▶ **Problem to work on**: Could you copy the records below exactly, leaving out any pictures they include?

▶ **Material supplied**:
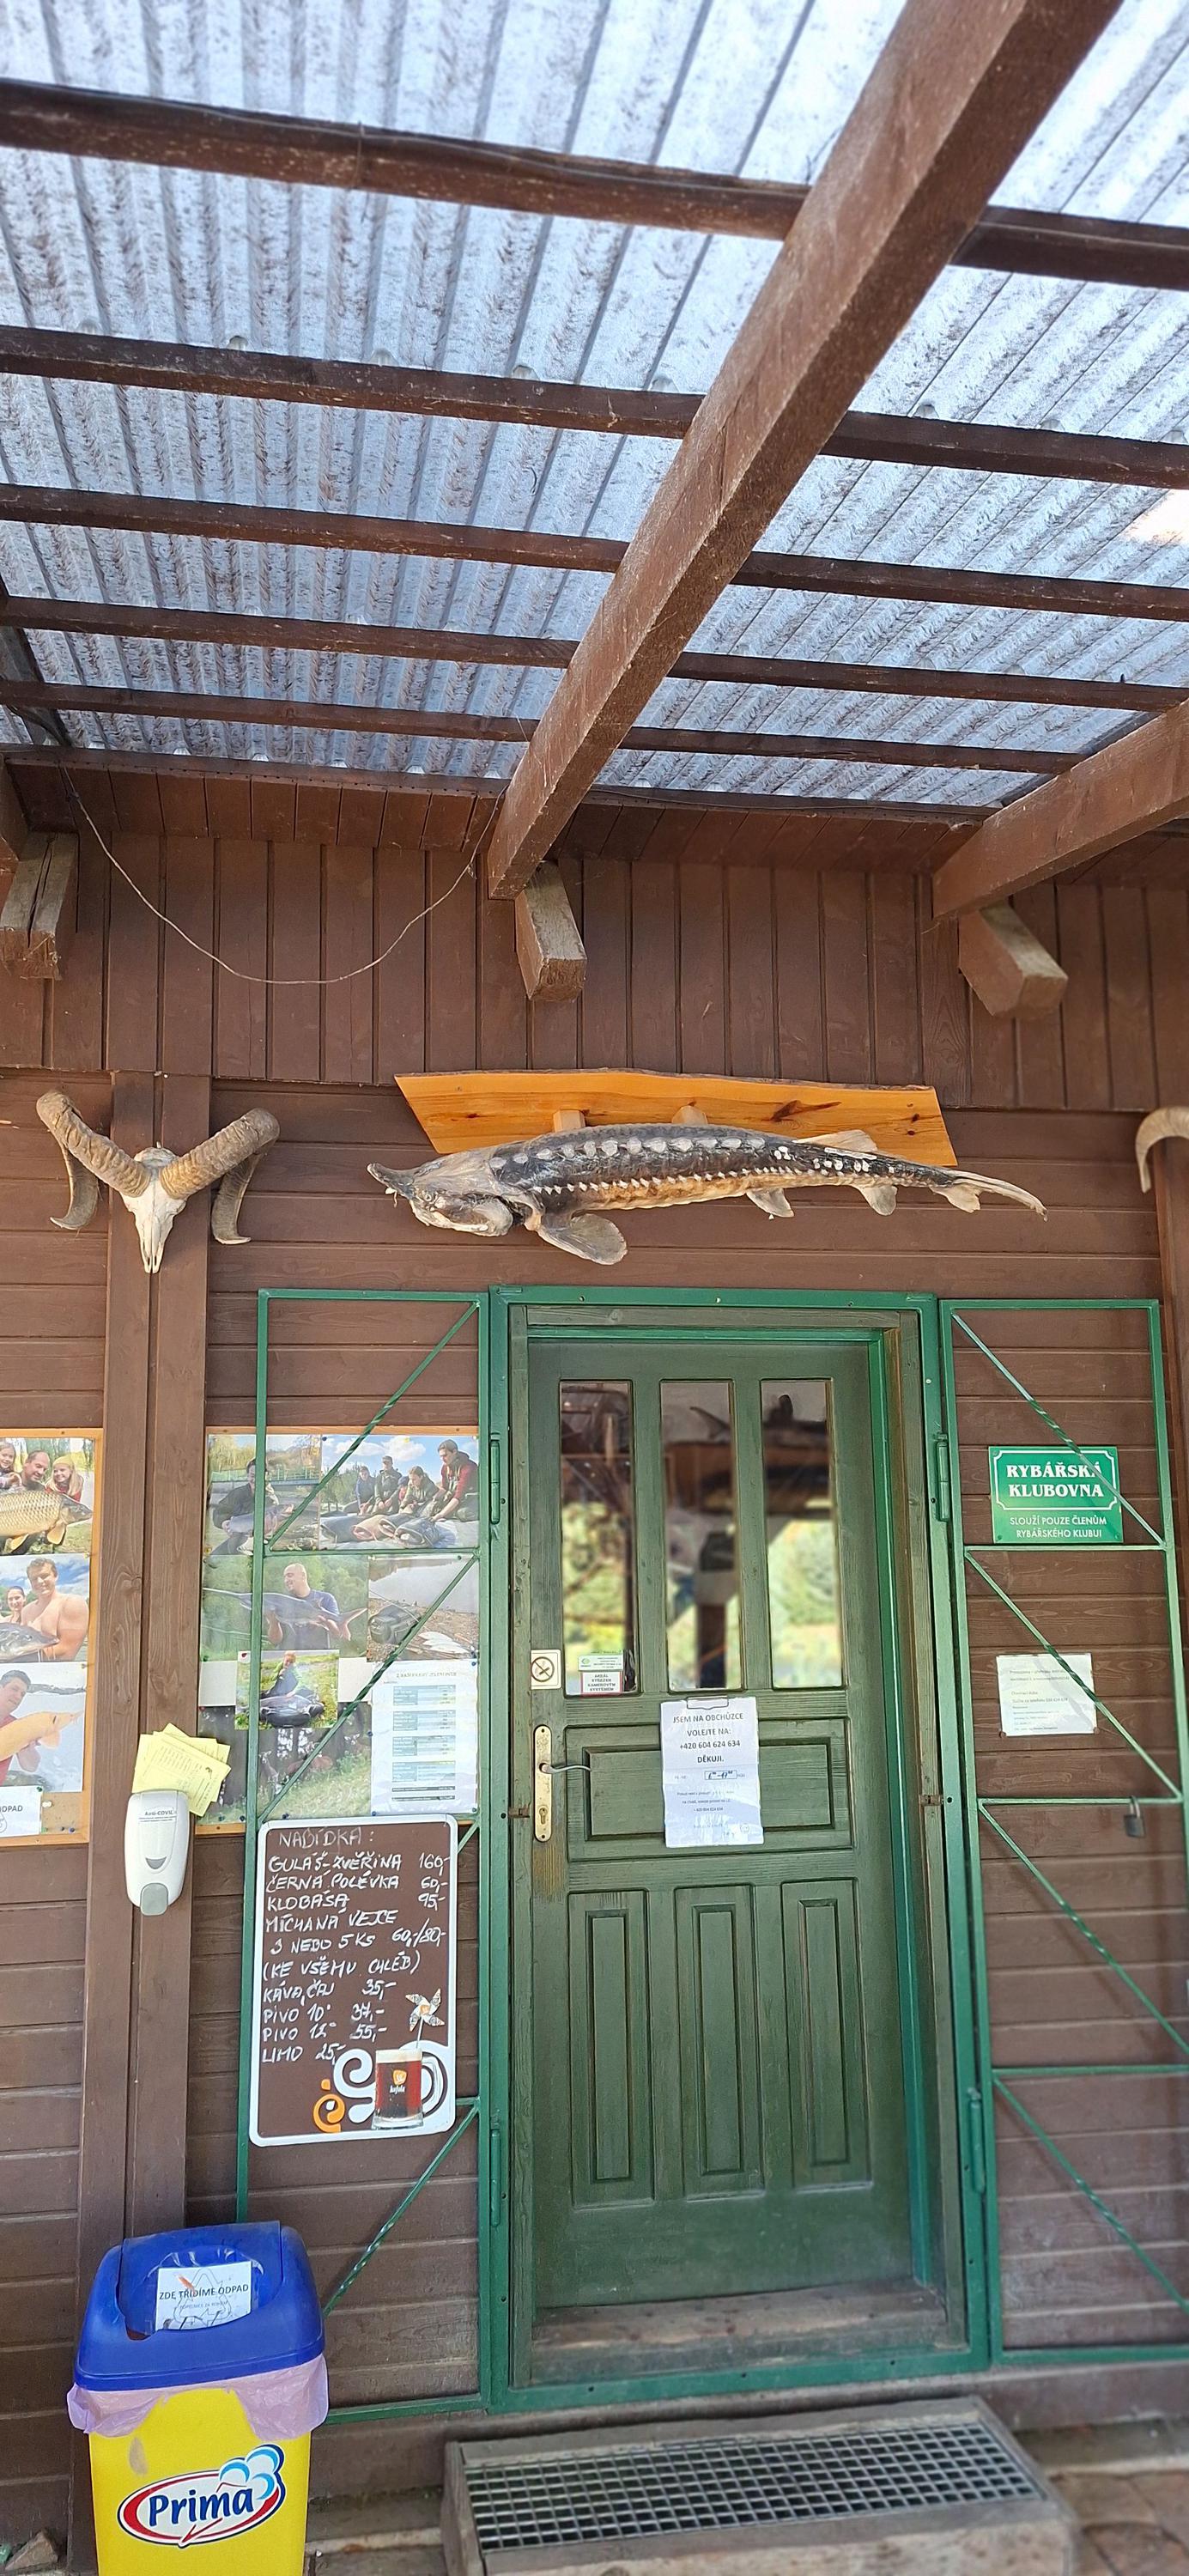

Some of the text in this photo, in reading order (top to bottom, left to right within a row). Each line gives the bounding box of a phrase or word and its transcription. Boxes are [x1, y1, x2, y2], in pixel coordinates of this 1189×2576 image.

[1009, 1484, 1104, 1498] KLUBOVNA
[1010, 1515, 1107, 1525] SLOUŽÍ POUZE ČLENŮM
[1016, 1528, 1071, 1538] RYBÁŘSKÉHO
[705, 1712, 744, 1721] OBCHŮZCE
[687, 1728, 716, 1737] VOLEJTE
[697, 1754, 725, 1763] DĚKUJI.
[266, 1870, 331, 1893] ČERNÁ
[331, 1870, 399, 1890] POLÉVKA
[267, 1890, 350, 1911] KLOBÁSA
[266, 1908, 399, 1933] MÍCHANÁ VEJCE
[290, 1939, 331, 1954] NEBO
[263, 2006, 299, 2023] PIVO
[263, 2027, 298, 2042] PIVO
[262, 2045, 303, 2063] LIMO
[218, 2284, 249, 2294] ODPAD
[149, 2488, 254, 2527] Prima

▶ **Finished exercise**:
Some of the text in this photo, in reading order (top to bottom, left to right within a row). Each line gives the bounding box of a phrase or word and its transcription. Boxes are [x1, y1, x2, y2], in pixel coordinates of this 1189×2576 image.

[1009, 1484, 1104, 1498] KLUBOVNA
[1010, 1515, 1107, 1525] SLOUŽÍ POUZE ČLENŮM
[1016, 1528, 1071, 1538] RYBÁŘSKÉHO
[705, 1712, 744, 1721] OBCHŮZCE
[687, 1728, 716, 1737] VOLEJTE
[697, 1754, 725, 1763] DĚKUJI.
[266, 1870, 331, 1893] ČERNÁ
[331, 1870, 399, 1890] POLÉVKA
[267, 1890, 350, 1911] KLOBÁSA
[266, 1908, 399, 1933] MÍCHANÁ VEJCE
[290, 1939, 331, 1954] NEBO
[263, 2006, 299, 2023] PIVO
[263, 2027, 298, 2042] PIVO
[262, 2045, 303, 2063] LIMO
[218, 2284, 249, 2294] ODPAD
[149, 2488, 254, 2527] Prima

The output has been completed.